Nor will I try and put down what there was in that tent.  Scott lay in the centre, Bill on his left, with his head towards the door, and Birdie on his right, lying with his feet towards the door.

Bill especially had died very quietly with his hands folded over his chest.  Birdie also quietly.

Oates’ death was a very fine one.  We go on to-morrow to try and find his body.  He was glad that his regiment would be proud of him.

They reached the Pole a month after Amundsen.

We have everything—­records, diaries, etc.  They have among other things several rolls of photographs, a meteorological log kept up to March 13, and, considering all things, a great many geological specimens. And they have stuck to everything.

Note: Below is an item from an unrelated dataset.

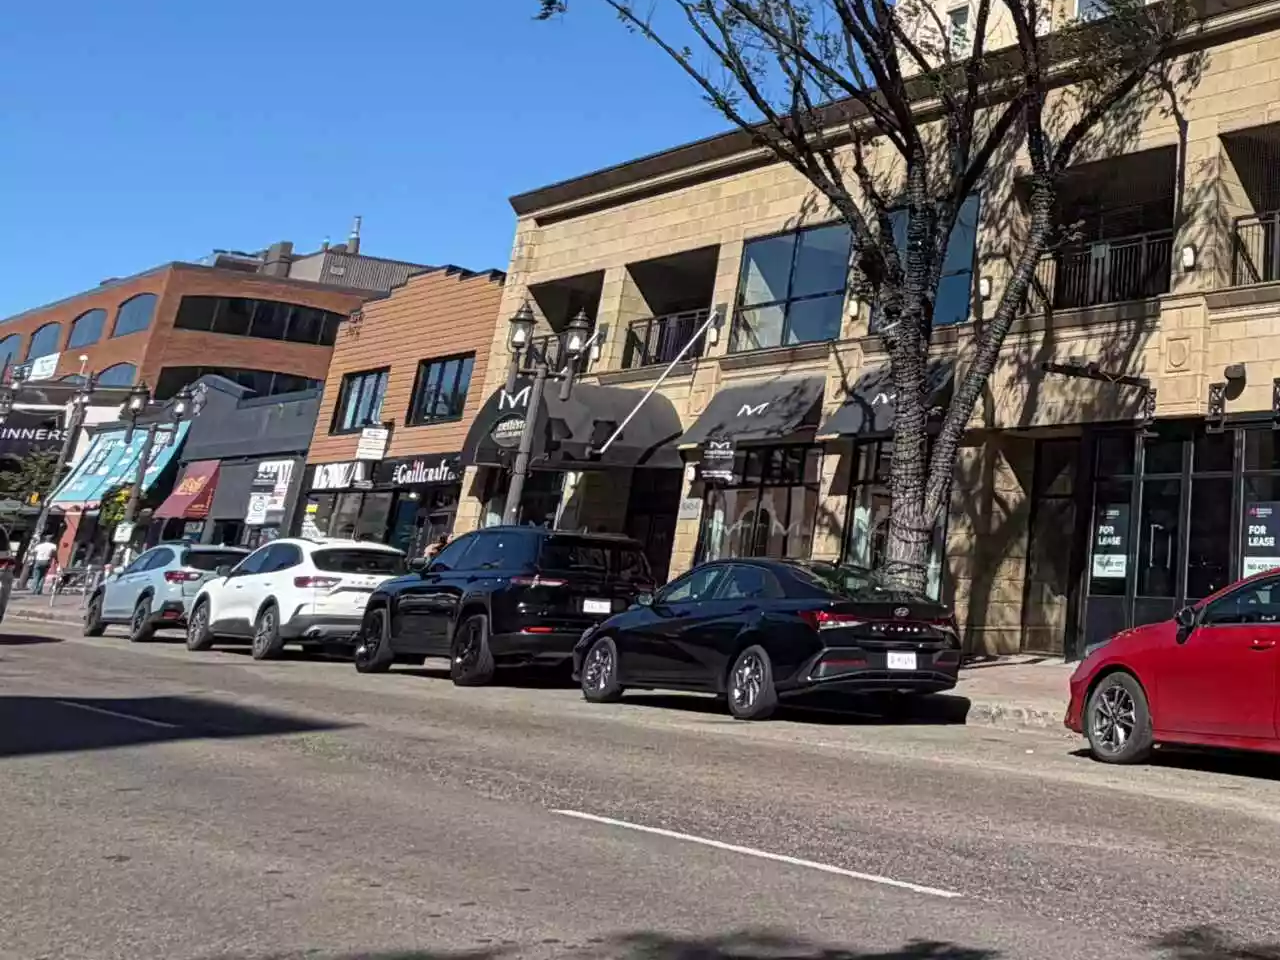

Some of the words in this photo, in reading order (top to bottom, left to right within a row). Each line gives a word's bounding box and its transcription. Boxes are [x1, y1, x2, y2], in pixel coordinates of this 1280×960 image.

[1099, 525, 1114, 534] FOR
[1248, 525, 1267, 535] FOR
[1098, 536, 1121, 546] LEASE
[1248, 536, 1275, 547] LEASE

It is magnificent that men in such case should go on pulling everything that they have died to gain.  I think they realized their coming end a long time before.  By Scott’s head was tobacco:  there is also a bag of tea.

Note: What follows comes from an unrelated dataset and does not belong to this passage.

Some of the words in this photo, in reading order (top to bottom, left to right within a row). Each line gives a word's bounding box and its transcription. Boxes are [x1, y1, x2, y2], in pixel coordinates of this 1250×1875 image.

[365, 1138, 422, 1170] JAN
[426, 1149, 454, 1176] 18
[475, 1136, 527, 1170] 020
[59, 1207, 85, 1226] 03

Atkinson gathered every one together and read to them the account of Oates’ death given in Scott’s Diary:  Scott expressly states that he wished it known.  His (Scott’s) last words are: 

“For God’s sake take care of our people.”

Then Atkinson read the lesson from the Burial Service from Corinthians.  Perhaps it has never been read in a more magnificent cathedral and under more impressive circumstances—­for it is a grave which kings must envy.  Then some prayers from the Burial Service:  and there with the floor-cloth under them and the tent above we buried them in their sleeping-bags—­and surely their work has not been in vain.[291]

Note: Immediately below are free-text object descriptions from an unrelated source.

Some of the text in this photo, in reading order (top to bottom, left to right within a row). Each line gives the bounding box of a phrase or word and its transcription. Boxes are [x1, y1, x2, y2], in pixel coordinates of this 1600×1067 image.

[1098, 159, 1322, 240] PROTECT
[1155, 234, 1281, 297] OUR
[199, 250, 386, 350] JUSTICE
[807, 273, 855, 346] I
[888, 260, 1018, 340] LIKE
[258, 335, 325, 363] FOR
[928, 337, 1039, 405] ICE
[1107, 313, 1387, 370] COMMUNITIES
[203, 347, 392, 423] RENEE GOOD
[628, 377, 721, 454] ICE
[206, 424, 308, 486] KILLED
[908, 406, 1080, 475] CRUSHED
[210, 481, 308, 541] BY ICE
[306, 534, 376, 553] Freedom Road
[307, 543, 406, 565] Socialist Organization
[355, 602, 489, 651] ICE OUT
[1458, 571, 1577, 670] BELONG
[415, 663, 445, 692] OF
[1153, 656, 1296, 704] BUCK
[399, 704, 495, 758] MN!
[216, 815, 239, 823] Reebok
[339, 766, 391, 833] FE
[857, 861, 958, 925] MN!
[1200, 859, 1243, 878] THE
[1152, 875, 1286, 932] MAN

That scene can never leave my memory.  We with the dogs had seen Wright turn away from the course by himself and the mule party swerve right-handed ahead of us.  He had seen what he thought was a cairn, and then something looking black by its side.  A vague kind of wonder gradually gave way to a real alarm.  We came up to them all halted.  Wright came across to us.  ‘It is the tent.’  I do not know how he knew.  Just a waste of snow:  to our right the remains of one of last year’s cairns, a mere mound:  and then three feet of bamboo sticking quite alone out of the snow:  and then another mound, of snow, perhaps a trifle more pointed.  We walked up to it.  I do not think we quite realized—­not for very long—­but some one reached up to a projection of snow, and brushed it away.  The green flap of the ventilator of the tent appeared, and we knew that the door was below.

Two of us entered, through the funnel of the outer tent, and through the bamboos on which was stretched the lining of the inner tent.  There was some snow—­not much—­between the two linings.  But inside we could see nothing—­the snow had drifted out the light.  There was nothing to do but to dig the tent out.  Soon we could see the outlines.  There were three men here.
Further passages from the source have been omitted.